His answer was immediate. “No.” “Why not?”

“Kings of Lightlark do not fall in love. It makes us vulnerable. Our power becomes unprotected.” He glanced at her. “I suppose we are similar in that regard . . . in our inability to have that.”

Because of the Wildling curse. “I suppose so.” She thought of Grim. His hands across her dress. Clutching her to his chest. It wasn’t her turn, but she had to know. “Do you think it’s possible for a ruler to love another ruler? Truly, without any agenda?”

“No.” He shook his head. “Not truly.”

A part of her wilted inside. But he had to be wrong. Just because he had never experienced love didn’t mean it wasn’t possible. “So, your brother really wasn’t in love with his bride-to-be?”

Oro shrugged a shoulder. “Egan loved Aurora. But not in that way.” “How would you know?”

Oro met her gaze. “They didn’t share abilities.” Falling in love meant sharing access to one’s power with their beloved. It was what made rulers falling in love so dangerous.

“Your turn,” she said quietly. She had asked several questions in a row and was surprised he had answered them.

“Did you know Grim previous to the Centennial?”

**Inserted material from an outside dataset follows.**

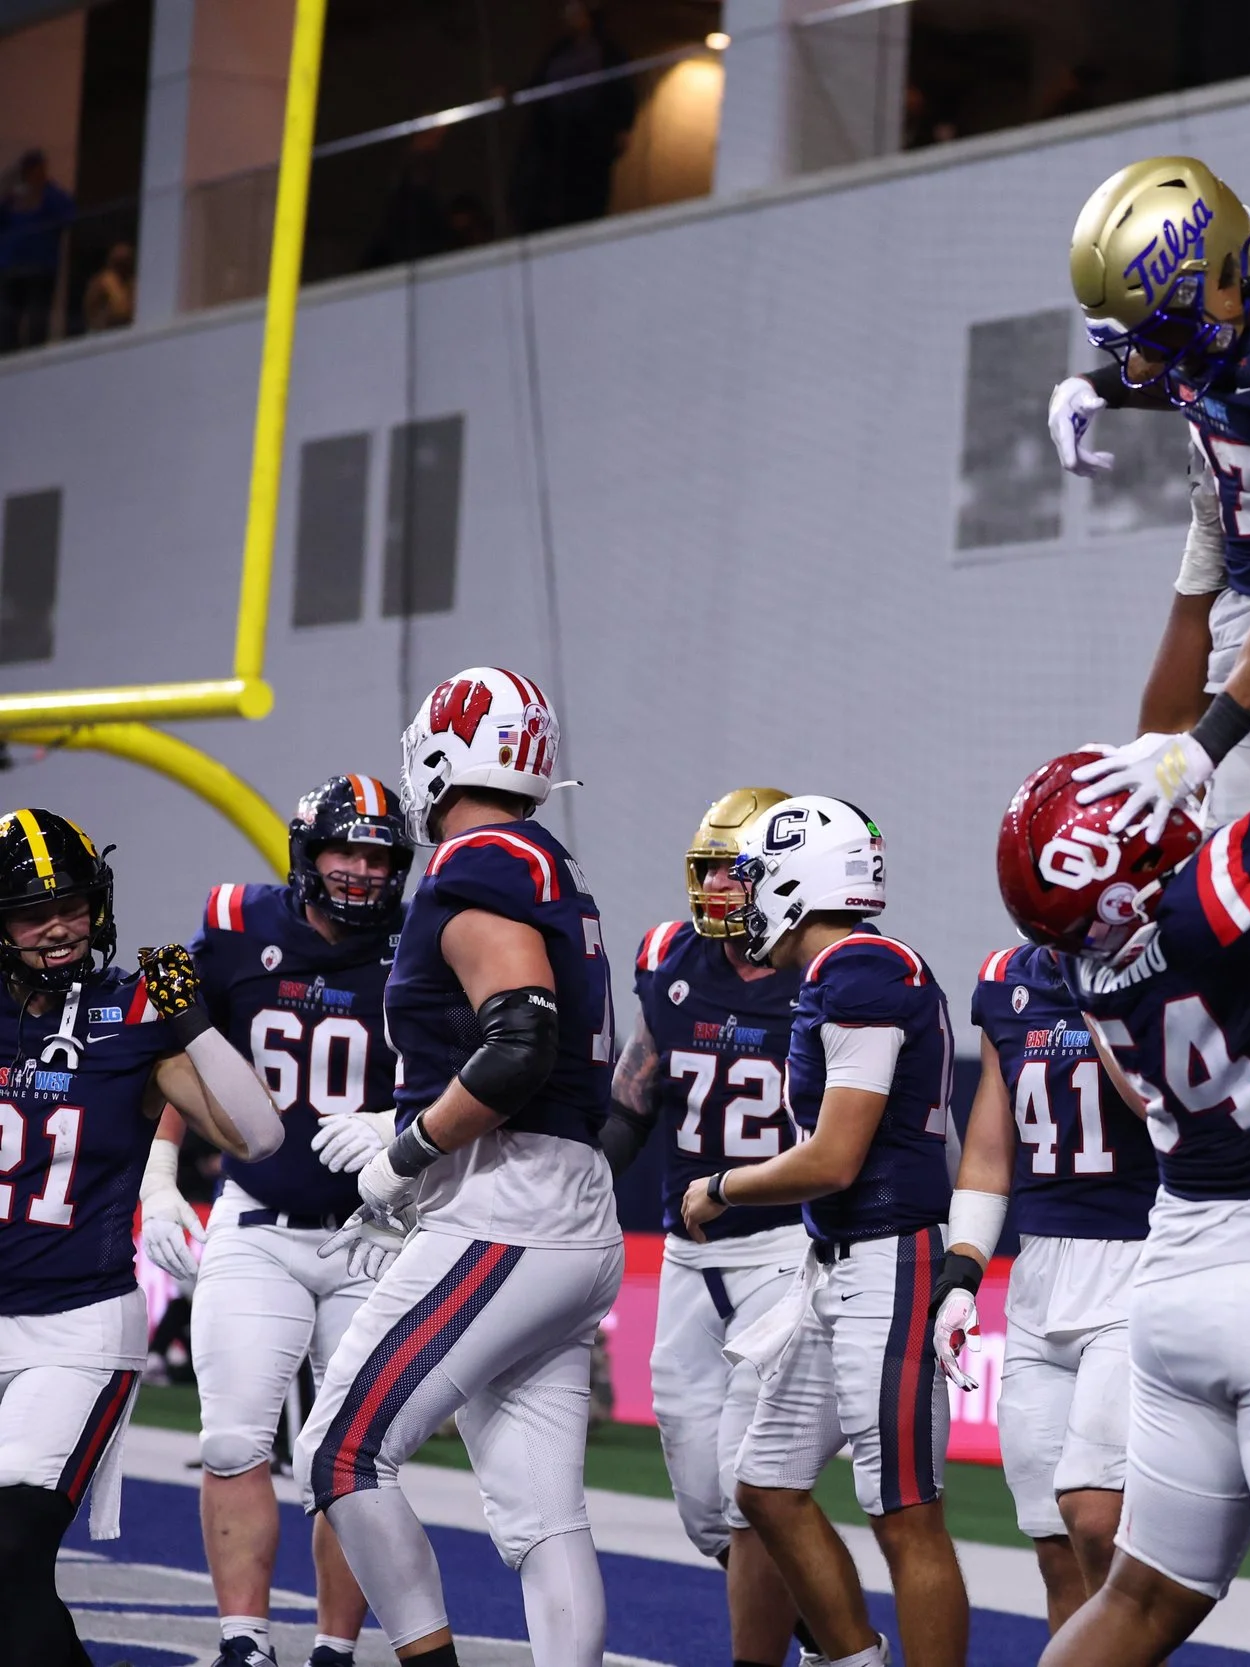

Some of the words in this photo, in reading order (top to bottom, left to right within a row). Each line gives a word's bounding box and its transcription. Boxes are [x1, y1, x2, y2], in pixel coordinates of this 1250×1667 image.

Isla stilled at the mention of him, as if Oro had plucked him from her thoughts. She answered honestly. “No.”

He looked at her strangely.

She rolled her eyes. “I’m not working with him against you, don’t worry.” It was true.

Oro’s expression settled into something she hadn’t expected . . . relief mixed with surprise. Isla immediately shifted the subject away from the Nightshade ruler. “What’s your favorite part of Lightlark?”

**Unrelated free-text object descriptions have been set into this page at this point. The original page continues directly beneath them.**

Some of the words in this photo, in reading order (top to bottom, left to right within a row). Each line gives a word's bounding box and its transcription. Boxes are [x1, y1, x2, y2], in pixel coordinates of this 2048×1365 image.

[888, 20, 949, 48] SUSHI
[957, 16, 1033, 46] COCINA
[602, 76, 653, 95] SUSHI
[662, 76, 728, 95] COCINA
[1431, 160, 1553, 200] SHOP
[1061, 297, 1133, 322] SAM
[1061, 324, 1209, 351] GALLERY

He scratched the side of his head, just below his crown. “There’s this secluded stretch of beach on Sun Isle, along a cliff . . . with giant coals in the water that sizzle when the sea hits them.” He lifted his gaze, eyes on the ceiling. “The sea is a strange shade there . . . dark green. The color of your eyes.”

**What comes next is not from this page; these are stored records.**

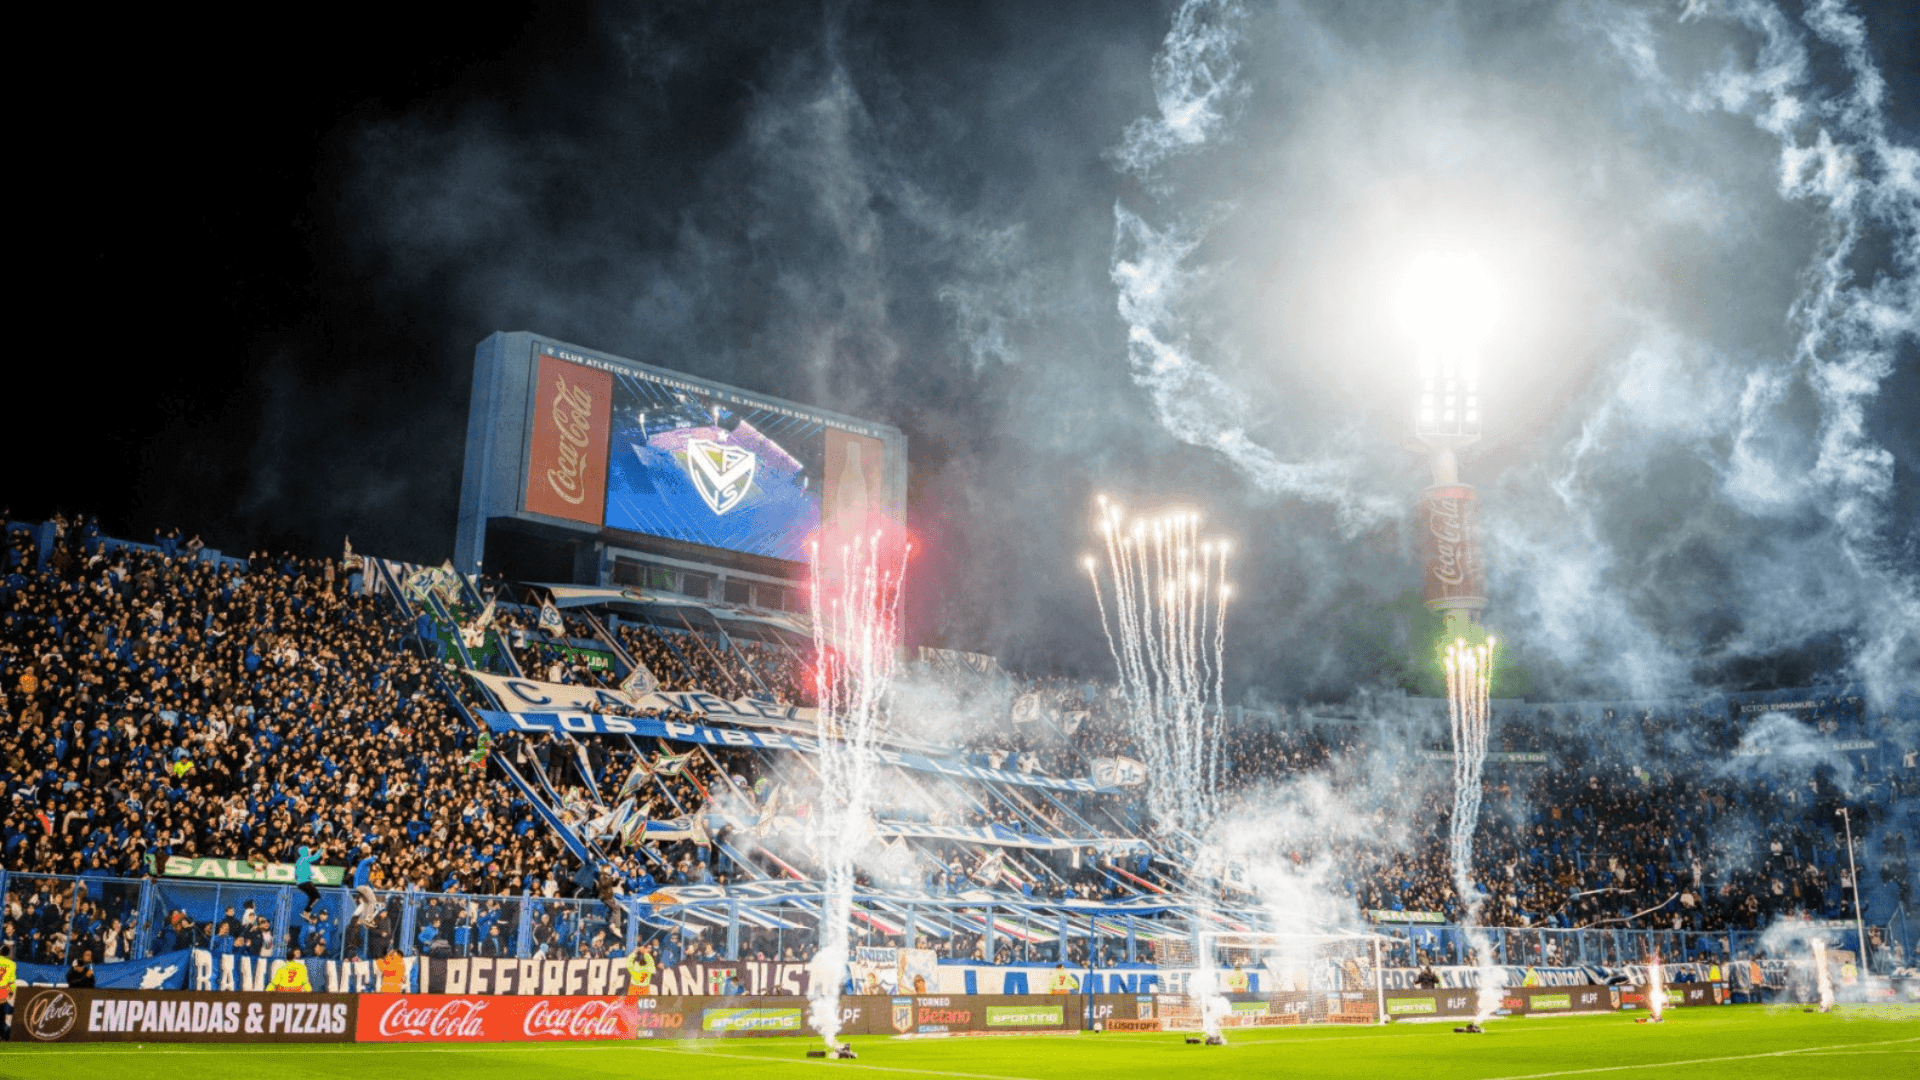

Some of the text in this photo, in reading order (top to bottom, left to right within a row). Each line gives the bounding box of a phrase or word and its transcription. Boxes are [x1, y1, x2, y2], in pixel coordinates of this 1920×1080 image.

[559, 352, 583, 363] CLUB
[663, 378, 711, 395] SARSFIELD
[511, 712, 637, 734] LOS
[88, 1000, 240, 1033] EMPANADAS
[244, 1003, 265, 1033] &
[269, 1003, 347, 1034] PIZZAS
[379, 999, 489, 1036] Coca-Cola
[523, 1000, 622, 1036] Coca-Cola

Isla glared at the word strange to describe her eyes but mumbled, “Sounds beautiful.”

His arms stretched over his head. “Your singing,” he said simply.

She blinked. Part of her had forgotten that he had heard her, so many weeks before. “What about it?”

He shrugged. “Tell me about it.”

Isla looked toward the mouth of the cave. The sunlight still glittered brightly. “It’s calming to me. Something I was born being good at, without really trying.”

“Like swordplay?”

“No. That was hard. I wasn’t naturally good at it, not like the singing. It used to frustrate me to no end . . . Terra, my fighting instructor, would scold my impatience constantly.” She sighed. “So, I practiced. A lot. Every day, all day, all the time. Until the sword was weightless in my hand. Until it was a part of me, just as much as my voice was. I forced it to be.”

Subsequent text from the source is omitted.